**** Information given
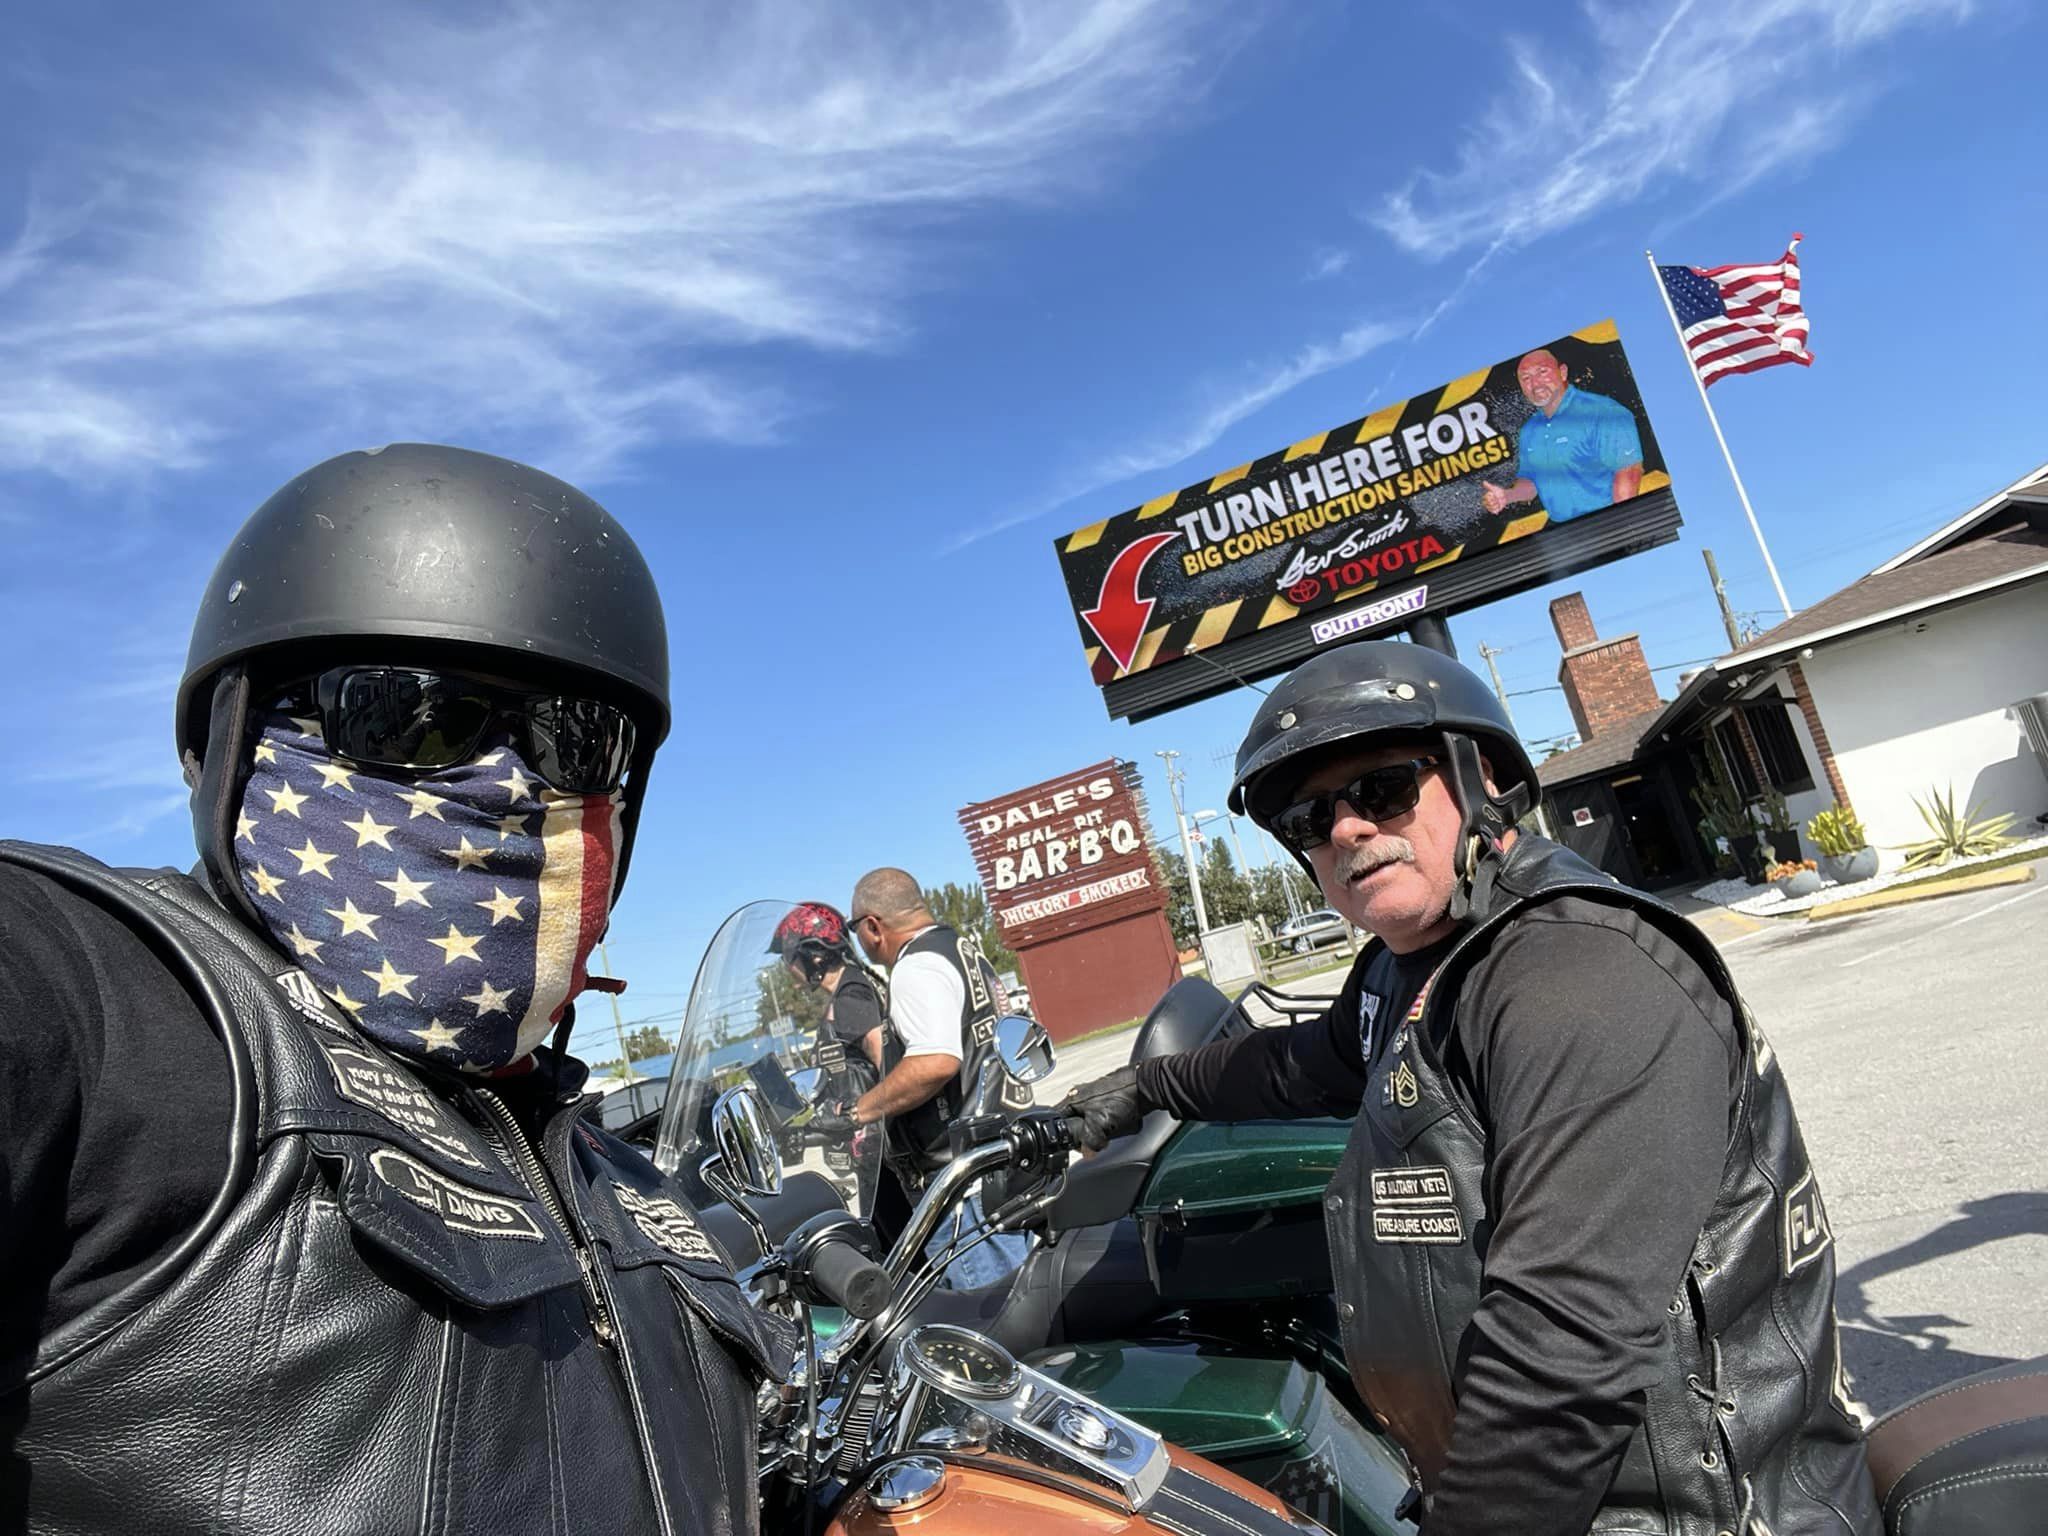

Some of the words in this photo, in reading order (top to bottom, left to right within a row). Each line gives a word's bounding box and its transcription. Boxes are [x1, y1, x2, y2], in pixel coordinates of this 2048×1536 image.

[1175, 479, 1289, 551] TURN
[1288, 436, 1402, 510] HERE
[1402, 401, 1499, 467] FOR
[1182, 545, 1223, 577] BIG
[1223, 479, 1397, 560] CONSTRUCTION
[1397, 436, 1511, 497] SAVINGS!
[1321, 534, 1445, 592] TOYOTA
[1316, 590, 1423, 640] OUTFRONT
[978, 777, 1115, 836] DALE'S
[1006, 825, 1059, 853] REAL
[1073, 808, 1104, 831] PIT
[1006, 892, 1071, 927] HICKORY
[1078, 871, 1142, 905] SMOKED
[446, 1191, 515, 1224] DAWG
[1420, 1177, 1446, 1193] VETS
[1375, 1218, 1422, 1233] TREASURE
[1421, 1218, 1456, 1233] COAST
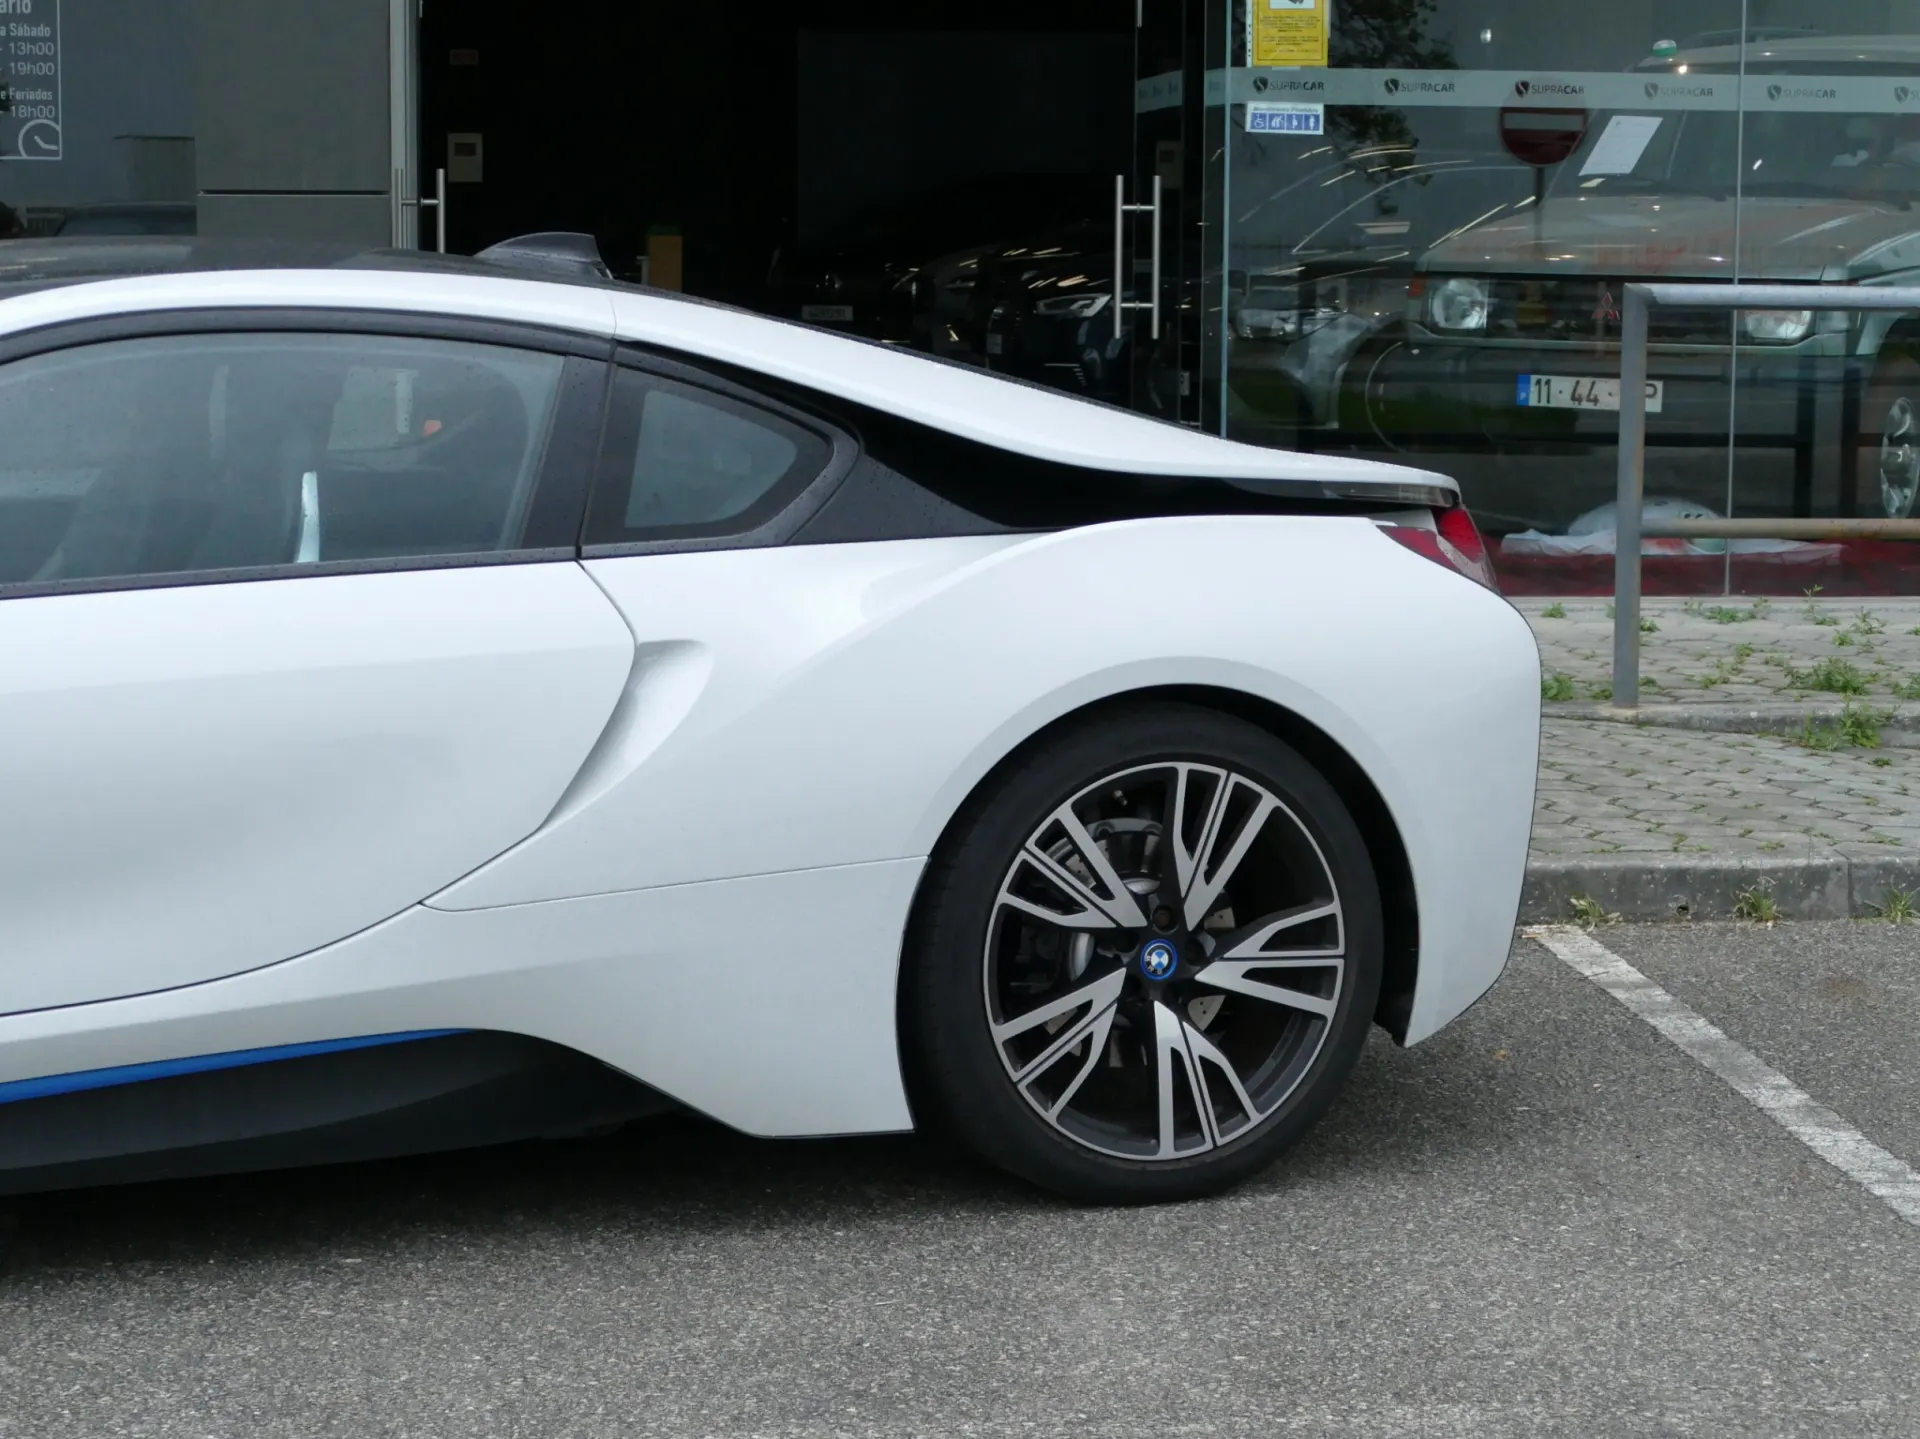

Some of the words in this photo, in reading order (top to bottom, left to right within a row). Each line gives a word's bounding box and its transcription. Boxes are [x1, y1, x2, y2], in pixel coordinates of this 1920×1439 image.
********
> **Task details**: Could you reproduce all of the data above exactly and skip any image?

> **Answer section**:
Some of the words in this photo, in reading order (top to bottom, left to right within a row). Each line gives a word's bounding box and its transcription. Boxes are [x1, y1, x2, y2], in pixel coordinates of this 2048×1536 image.

[1175, 479, 1289, 551] TURN
[1288, 436, 1402, 510] HERE
[1402, 401, 1499, 467] FOR
[1182, 545, 1223, 577] BIG
[1223, 479, 1397, 560] CONSTRUCTION
[1397, 436, 1511, 497] SAVINGS!
[1321, 534, 1445, 592] TOYOTA
[1316, 590, 1423, 640] OUTFRONT
[978, 777, 1115, 836] DALE'S
[1006, 825, 1059, 853] REAL
[1073, 808, 1104, 831] PIT
[1006, 892, 1071, 927] HICKORY
[1078, 871, 1142, 905] SMOKED
[446, 1191, 515, 1224] DAWG
[1420, 1177, 1446, 1193] VETS
[1375, 1218, 1422, 1233] TREASURE
[1421, 1218, 1456, 1233] COAST

Some of the words in this photo, in reading order (top to bottom, left to right within a row). Each line gives a word's bounding box and its transcription. Boxes are [x1, y1, x2, y2], in pixel coordinates of this 1920×1439 image.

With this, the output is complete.